*What this task involves:* Write out, unchanged, the lines from the one holding "this 1334×1500 image." to the close of the listing. Both the first and last lines belong in it.

### Material for this task ###

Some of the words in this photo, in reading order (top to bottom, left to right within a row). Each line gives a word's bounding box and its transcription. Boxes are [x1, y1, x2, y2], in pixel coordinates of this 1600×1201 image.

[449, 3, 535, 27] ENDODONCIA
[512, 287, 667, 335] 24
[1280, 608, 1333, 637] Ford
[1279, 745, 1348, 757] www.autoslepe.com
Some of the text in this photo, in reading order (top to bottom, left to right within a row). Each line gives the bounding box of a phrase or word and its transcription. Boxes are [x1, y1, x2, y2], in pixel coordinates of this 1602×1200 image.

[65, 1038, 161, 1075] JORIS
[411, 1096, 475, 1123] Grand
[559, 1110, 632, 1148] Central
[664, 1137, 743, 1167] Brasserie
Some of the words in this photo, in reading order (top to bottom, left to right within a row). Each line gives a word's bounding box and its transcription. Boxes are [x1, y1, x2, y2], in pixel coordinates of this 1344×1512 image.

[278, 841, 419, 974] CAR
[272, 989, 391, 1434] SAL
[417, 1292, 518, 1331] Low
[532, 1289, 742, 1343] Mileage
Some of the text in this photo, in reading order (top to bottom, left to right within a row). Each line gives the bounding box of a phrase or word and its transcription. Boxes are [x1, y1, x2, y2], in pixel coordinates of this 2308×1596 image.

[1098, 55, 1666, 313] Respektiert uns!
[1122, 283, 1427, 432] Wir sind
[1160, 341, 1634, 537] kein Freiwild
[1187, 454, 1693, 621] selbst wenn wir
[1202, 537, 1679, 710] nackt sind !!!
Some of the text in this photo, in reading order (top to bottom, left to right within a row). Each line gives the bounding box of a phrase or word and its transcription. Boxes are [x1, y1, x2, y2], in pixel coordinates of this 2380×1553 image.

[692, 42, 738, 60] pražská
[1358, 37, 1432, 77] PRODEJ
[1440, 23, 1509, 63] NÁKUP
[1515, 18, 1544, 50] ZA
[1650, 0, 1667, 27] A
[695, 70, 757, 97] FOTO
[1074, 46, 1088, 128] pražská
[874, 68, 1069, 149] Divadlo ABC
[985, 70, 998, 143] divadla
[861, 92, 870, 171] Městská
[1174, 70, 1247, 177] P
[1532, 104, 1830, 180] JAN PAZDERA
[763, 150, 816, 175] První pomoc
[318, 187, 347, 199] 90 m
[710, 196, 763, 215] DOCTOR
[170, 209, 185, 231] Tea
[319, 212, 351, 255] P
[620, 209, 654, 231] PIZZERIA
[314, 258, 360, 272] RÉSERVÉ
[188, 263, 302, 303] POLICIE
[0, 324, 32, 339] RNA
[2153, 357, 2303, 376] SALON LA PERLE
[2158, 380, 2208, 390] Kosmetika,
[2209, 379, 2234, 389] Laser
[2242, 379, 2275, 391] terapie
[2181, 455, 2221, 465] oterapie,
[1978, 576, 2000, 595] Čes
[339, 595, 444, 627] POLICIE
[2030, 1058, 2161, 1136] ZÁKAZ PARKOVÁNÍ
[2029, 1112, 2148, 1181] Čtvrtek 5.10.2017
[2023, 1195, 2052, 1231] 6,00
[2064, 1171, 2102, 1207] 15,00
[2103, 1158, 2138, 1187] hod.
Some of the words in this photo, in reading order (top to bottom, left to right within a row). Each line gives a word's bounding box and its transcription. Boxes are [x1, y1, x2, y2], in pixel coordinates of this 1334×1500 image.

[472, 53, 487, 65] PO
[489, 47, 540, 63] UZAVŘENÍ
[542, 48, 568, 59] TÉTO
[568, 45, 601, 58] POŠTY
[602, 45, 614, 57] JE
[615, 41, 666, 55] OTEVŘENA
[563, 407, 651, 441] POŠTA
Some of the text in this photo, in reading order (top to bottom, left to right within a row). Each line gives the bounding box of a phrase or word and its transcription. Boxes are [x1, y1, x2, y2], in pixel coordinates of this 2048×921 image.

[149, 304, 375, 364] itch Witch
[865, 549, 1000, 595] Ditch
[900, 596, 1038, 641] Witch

###

*Task answer:*
Some of the words in this photo, in reading order (top to bottom, left to right within a row). Each line gives a word's bounding box and its transcription. Boxes are [x1, y1, x2, y2], in pixel coordinates of this 1334×1500 image.

[472, 53, 487, 65] PO
[489, 47, 540, 63] UZAVŘENÍ
[542, 48, 568, 59] TÉTO
[568, 45, 601, 58] POŠTY
[602, 45, 614, 57] JE
[615, 41, 666, 55] OTEVŘENA
[563, 407, 651, 441] POŠTA
Some of the text in this photo, in reading order (top to bottom, left to right within a row). Each line gives the bounding box of a phrase or word and its transcription. Boxes are [x1, y1, x2, y2], in pixel coordinates of this 2048×921 image.

[149, 304, 375, 364] itch Witch
[865, 549, 1000, 595] Ditch
[900, 596, 1038, 641] Witch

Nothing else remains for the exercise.